Tres fueron los temas de su ensayo que indignaron a los lectores. El
primero, el concepto de la “banalidad del mal”. Mientras que el fiscal
en Jerusalén, de acuerdo con la opinión pública, retrató a Eichmann como
a un monstruo al servicio de un régimen criminal, como a un hombre que
odiaba a los judíos de forma patológica y que fríamente organizó su
aniquilación, para Arendt Eichmann no era un demonio, sino un hombre
normal con un desarrollado sentido del orden que había hecho suya la
ideología nazi, que no se entendía sin el antisemitismo, y, orgulloso,
la puso en práctica. Arendt insinuó que Eichmann era un hombre como
tantos, un disciplinado, aplicado y ambicioso burócrata: no un Satanás,
sino una persona “terriblemente y temiblemente normal”; un producto de
su tiempo y del régimen que le tocó vivir.

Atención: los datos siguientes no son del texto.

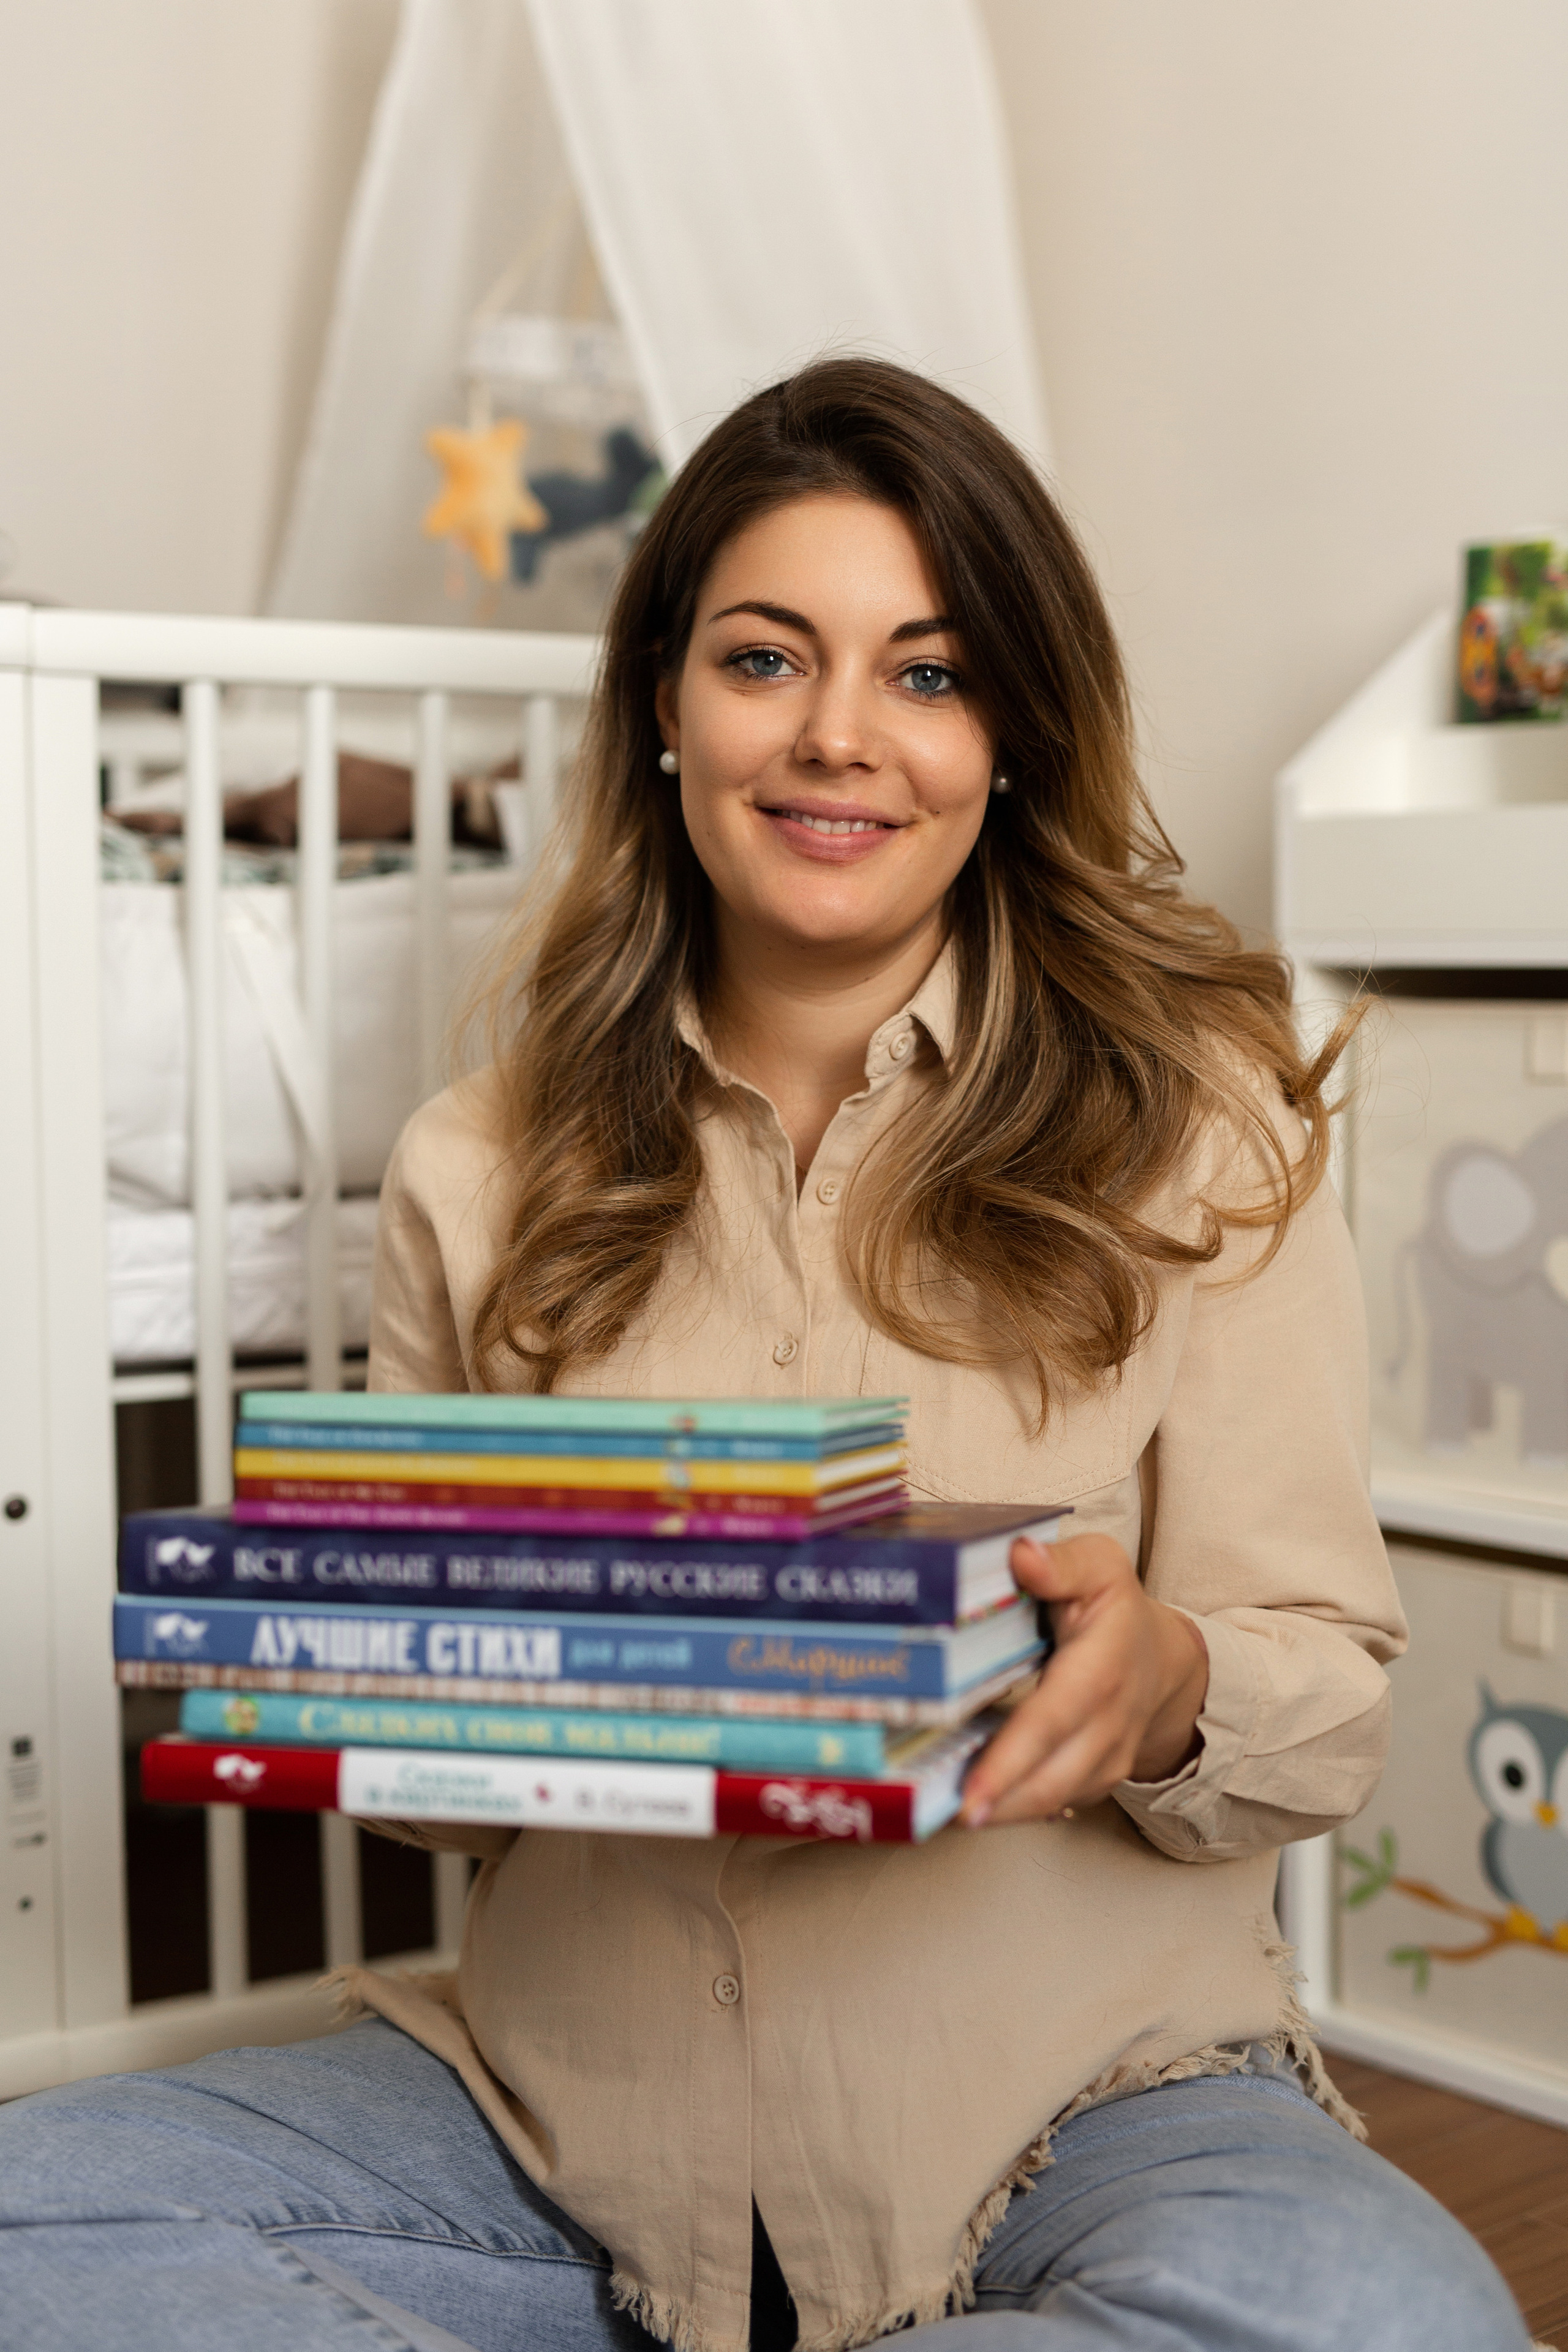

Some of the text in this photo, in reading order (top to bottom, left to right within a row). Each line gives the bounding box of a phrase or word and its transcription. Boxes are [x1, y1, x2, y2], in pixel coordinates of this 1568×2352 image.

[233, 1547, 918, 1605] ВСЕ САМЫЕ ВЕЛИКИЕ РУССКИЕ СКАЗКИ
[252, 1615, 419, 1673] ЛУЧШИЕ
[426, 1623, 561, 1677] СТИХИ

Lo que dio aun más motivos de indignación fue la crítica que Arendt
dispensó a los líderes de algunas asociaciones judías. Según las
investigaciones de la filósofa, habrían muerto considerablemente menos
judíos en la guerra si no fuera por la pusilanimidad de los encargados
de dichas asociaciones que, para salvar su propia piel, entregaron a los
nazis inventarios de sus congregaciones y colaboraron de esta forma en
la deportación masiva. El tercer motivo de reproches fueron las dudas
que la filósofa planteó acerca de la legalidad jurídica de Israel a la
hora de juzgar a Eichmann.
De modo que lo que esencialmente provocó las críticas fue la
insumisión: en vez de defender como buena judía la causa de su pueblo de
manera incondicional, Arendt se puso a reflexionar, investigar y
debatir. Sus lectores habían esperado de ella un apoyo surgido del
sentimiento de la identidad nacional judía y de la adhesión a una causa
común, y lo que recibieron fue una respuesta racional de alguien que no
da nada por sentado. En palabras de Aristóteles, en vez de limitarse a
ser una “historiadora”, Arendt se convirtió en “poeta”.
Sus adversarios llegaron a ser muchos; el filósofo Isaiah Berlin no
quería ni oír hablar de ella, y el novelista judío Saul Bellow afirmó
que Arendt era “una mujer vanidosa, rígida y dura, cuya comprensión de
lo humano resulta limitadísima”, aunque otra conocida escritora, Mary
McCarthy, publicó en Partisan Review un largo ensayo en apoyo de Eichmann en Jerusalén. Así, el libro de Arendt generó en los sesenta toda una guerra civil entre la intelectualidad neoyorkina y europea.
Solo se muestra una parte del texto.